Solution Search Simulation The Shortest Step On Chess Horse Using Breadth-First Search Algorithm

Ade Bastian(1*), Rezha Nugraha(2),


(1) Universitas Majalengka
(2) Universitas Majalengka
(*) Corresponding Author

Abstract


Horse seed in the chess board movement resembles the letter L. The chess pieces are one of a very hard-driven beans and seeds are often also the most dangerous if not carefully considered every movement. Simulation of this problem provides a chess board size n x n. Target (goal) of this problem is to move a horse beans of a certain position on a chess board position to the desired destination with the shortest movement simulates all possible solutions to get to the goal position. This problem is also one of the classic problems in artificial intelligence (AI). Settlement of this problem can use the help system and tree production tracking.

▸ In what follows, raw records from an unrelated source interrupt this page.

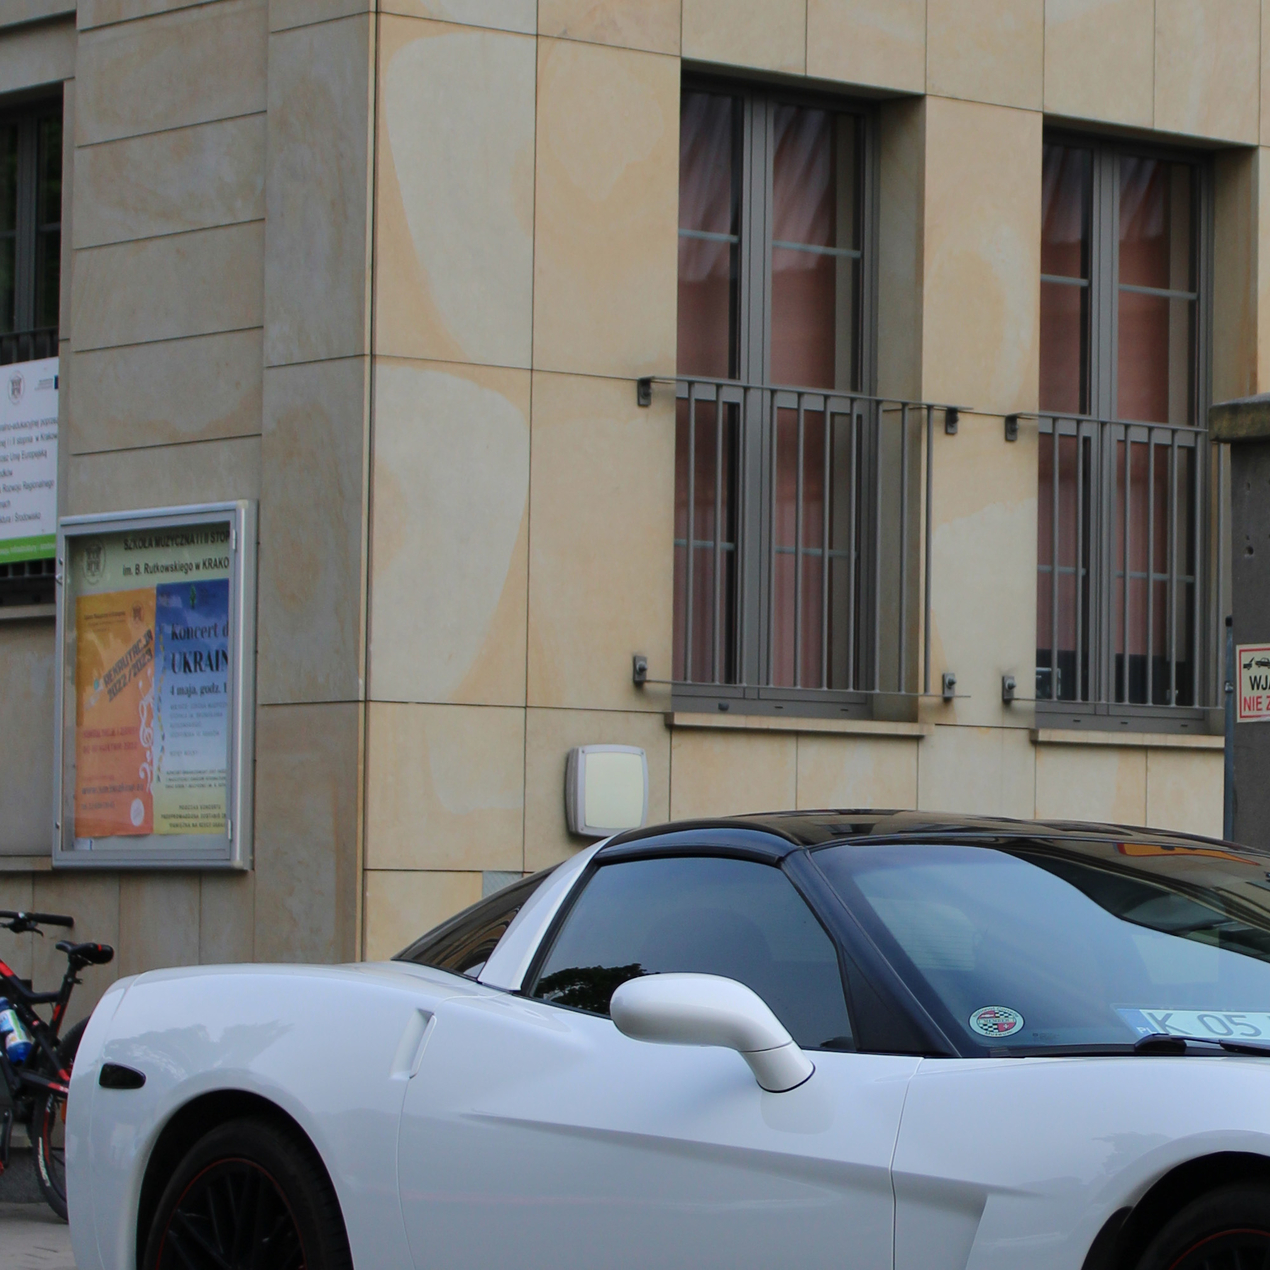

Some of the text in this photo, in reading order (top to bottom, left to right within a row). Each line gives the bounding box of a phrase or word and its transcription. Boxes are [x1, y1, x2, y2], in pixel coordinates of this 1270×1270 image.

[124, 537, 154, 551] SZKOŁA
[154, 533, 195, 549] MUZYCZNA
[135, 563, 142, 575] B.
[144, 560, 193, 576] Rutkowskiego
[195, 562, 201, 570] w
[202, 556, 229, 570] KRAKO
[171, 622, 219, 641] Koncert
[103, 628, 154, 688] REKRUTACJA
[176, 682, 198, 699] maja,
[199, 681, 221, 698] godz.
[1243, 695, 1263, 712] NIE
[1148, 1012, 1193, 1036] K

Therefore, designed a simulation applications by utilizing several techniques of simulation programming and Breadth-First Search method. With this method, all nodes will be traced and the nodes at level n will be visited first before visiting the nodes at level n + 1. The purpose of this study is to design a software that is able to find all the solutions for the shortest movement toward the goal position by using the system of production and tracking tree.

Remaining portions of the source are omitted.